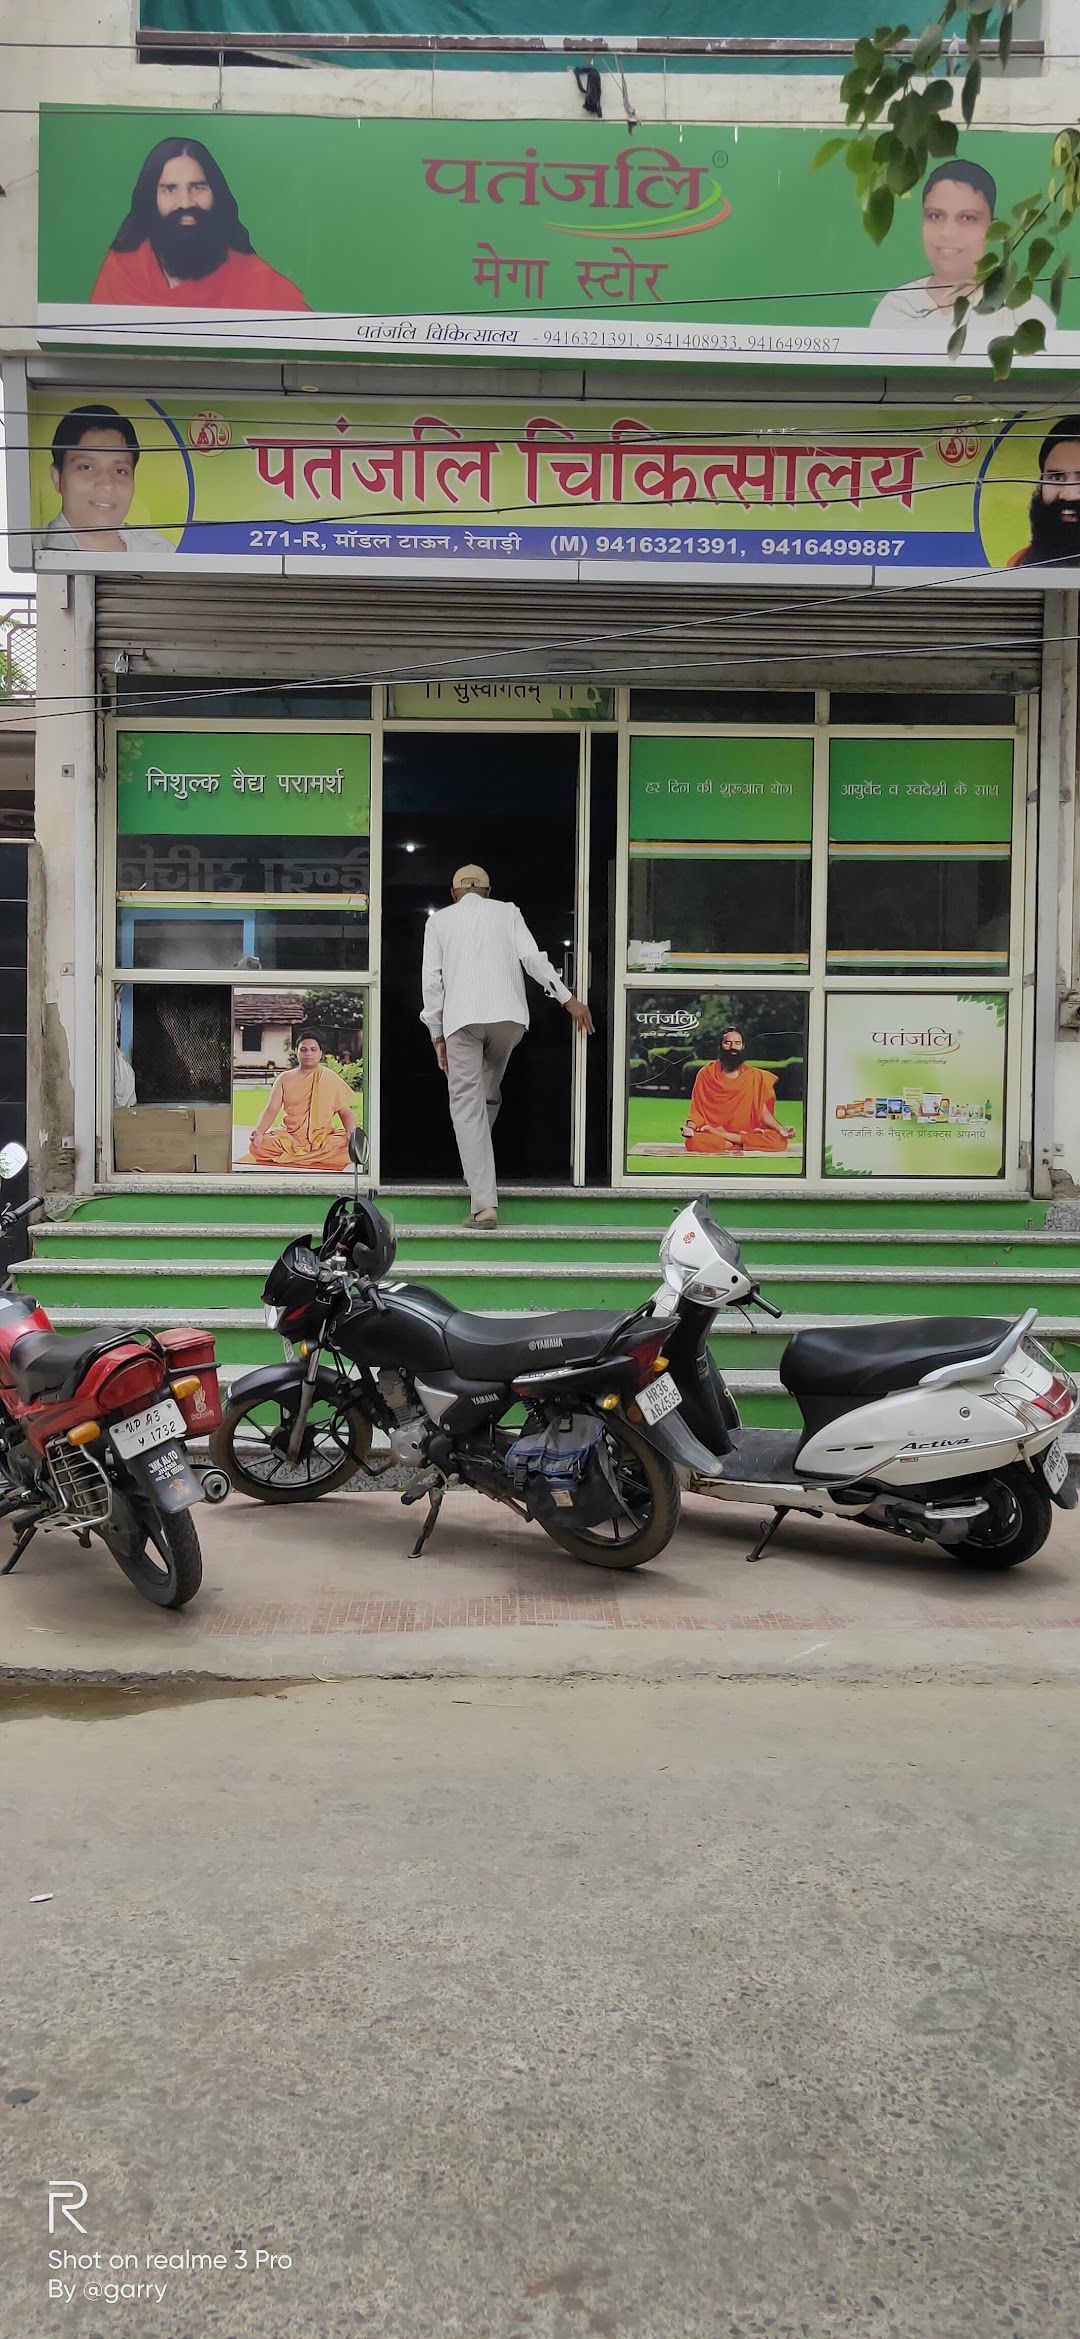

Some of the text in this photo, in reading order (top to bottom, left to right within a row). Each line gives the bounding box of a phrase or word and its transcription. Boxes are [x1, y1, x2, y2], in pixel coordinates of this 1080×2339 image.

[422, 147, 709, 210] पतंजलि
[472, 242, 669, 302] मेगा स्टोर
[357, 321, 417, 340] पतंजलि
[426, 322, 519, 343] चिकित्सालय
[748, 336, 840, 353] 9416499887
[244, 415, 926, 511] पतंजलि चिकित्सालय
[250, 530, 327, 551] 271-R,
[333, 530, 391, 549] मॉडल
[464, 531, 523, 555] रेवाड़ी
[550, 535, 588, 555] (M)
[596, 536, 746, 558] 9416321391,
[761, 538, 905, 557] 9416499887
[145, 766, 345, 800] निशुल्क वैद्य परामर्श
[645, 781, 660, 794] हर
[667, 779, 690, 794] दिन
[696, 780, 712, 794] की
[771, 780, 793, 795] योग
[840, 780, 1000, 799] आयुर्वेद व स्वदेशी के साथ
[635, 1010, 694, 1025] पतंजलि
[871, 1027, 953, 1046] पतंजलि
[875, 1127, 885, 1138] के
[535, 1337, 563, 1350] YAMAHA
[471, 1393, 500, 1405] YAMAHA
[645, 1380, 669, 1404] HR36
[650, 1388, 681, 1421] AB4535
[150, 1420, 176, 1442] 1732
[899, 1438, 972, 1451] Activa

++++++++

WHAT TO DO »
Pictures stay out, but every record above is to be returned exactly.

ANSWER TO THE PROBLEM »
Some of the text in this photo, in reading order (top to bottom, left to right within a row). Each line gives the bounding box of a phrase or word and its transcription. Boxes are [x1, y1, x2, y2], in pixel coordinates of this 1080×2339 image.

[422, 147, 709, 210] पतंजलि
[472, 242, 669, 302] मेगा स्टोर
[357, 321, 417, 340] पतंजलि
[426, 322, 519, 343] चिकित्सालय
[748, 336, 840, 353] 9416499887
[244, 415, 926, 511] पतंजलि चिकित्सालय
[250, 530, 327, 551] 271-R,
[333, 530, 391, 549] मॉडल
[464, 531, 523, 555] रेवाड़ी
[550, 535, 588, 555] (M)
[596, 536, 746, 558] 9416321391,
[761, 538, 905, 557] 9416499887
[145, 766, 345, 800] निशुल्क वैद्य परामर्श
[645, 781, 660, 794] हर
[667, 779, 690, 794] दिन
[696, 780, 712, 794] की
[771, 780, 793, 795] योग
[840, 780, 1000, 799] आयुर्वेद व स्वदेशी के साथ
[635, 1010, 694, 1025] पतंजलि
[871, 1027, 953, 1046] पतंजलि
[875, 1127, 885, 1138] के
[535, 1337, 563, 1350] YAMAHA
[471, 1393, 500, 1405] YAMAHA
[645, 1380, 669, 1404] HR36
[650, 1388, 681, 1421] AB4535
[150, 1420, 176, 1442] 1732
[899, 1438, 972, 1451] Activa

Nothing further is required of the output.